▶ **What is required**:
Could you transcribe every entry below exactly, leaving out the pictures?

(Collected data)
◇ ◇ ◇ ◇ ◇

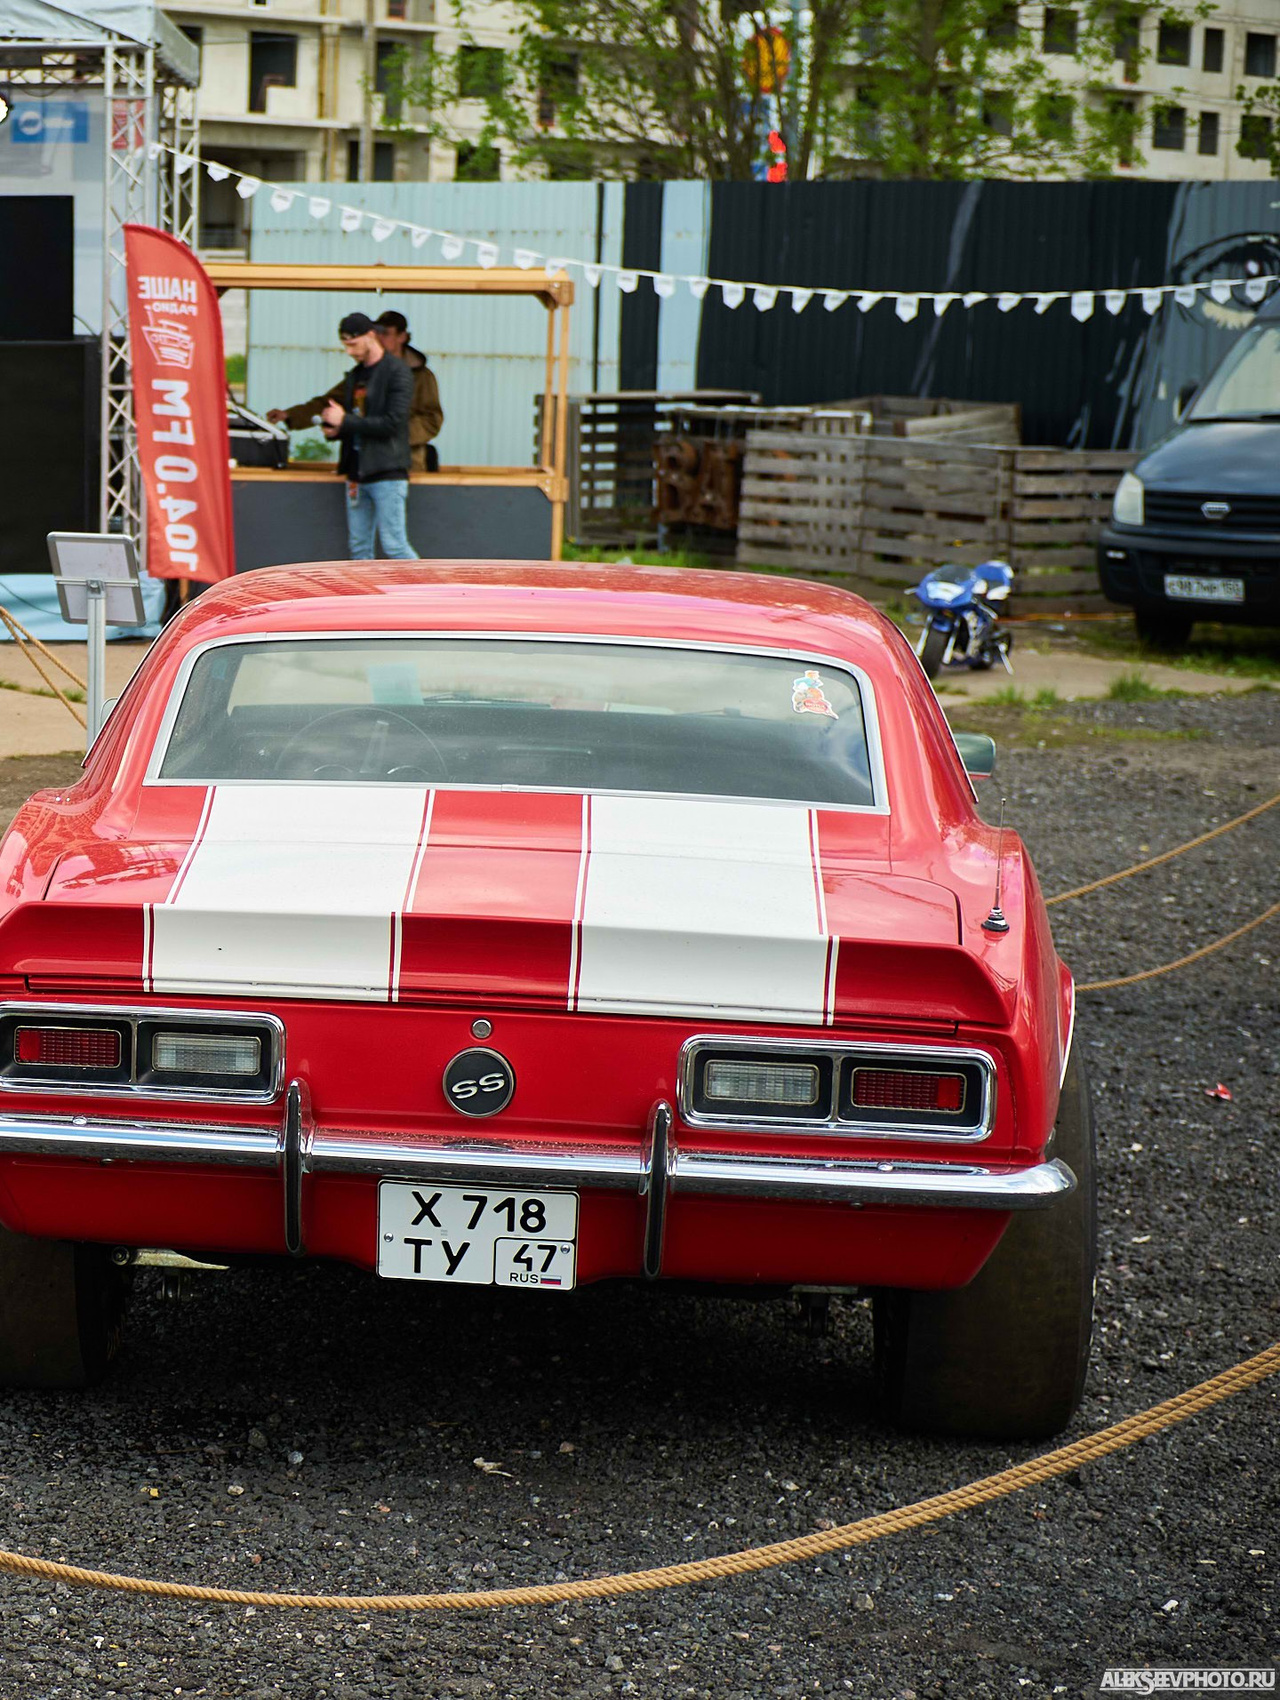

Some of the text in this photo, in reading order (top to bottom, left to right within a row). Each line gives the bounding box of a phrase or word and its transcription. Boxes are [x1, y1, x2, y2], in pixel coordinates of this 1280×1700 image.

[452, 1073, 505, 1099] SS
[411, 1191, 546, 1233] Х 718
[403, 1237, 470, 1275] ТУ
[513, 1244, 557, 1272] 47
[509, 1272, 538, 1283] RUS

◇ ◇ ◇ ◇ ◇

▶ **Result**:
Some of the text in this photo, in reading order (top to bottom, left to right within a row). Each line gives the bounding box of a phrase or word and its transcription. Boxes are [x1, y1, x2, y2], in pixel coordinates of this 1280×1700 image.

[452, 1073, 505, 1099] SS
[411, 1191, 546, 1233] Х 718
[403, 1237, 470, 1275] ТУ
[513, 1244, 557, 1272] 47
[509, 1272, 538, 1283] RUS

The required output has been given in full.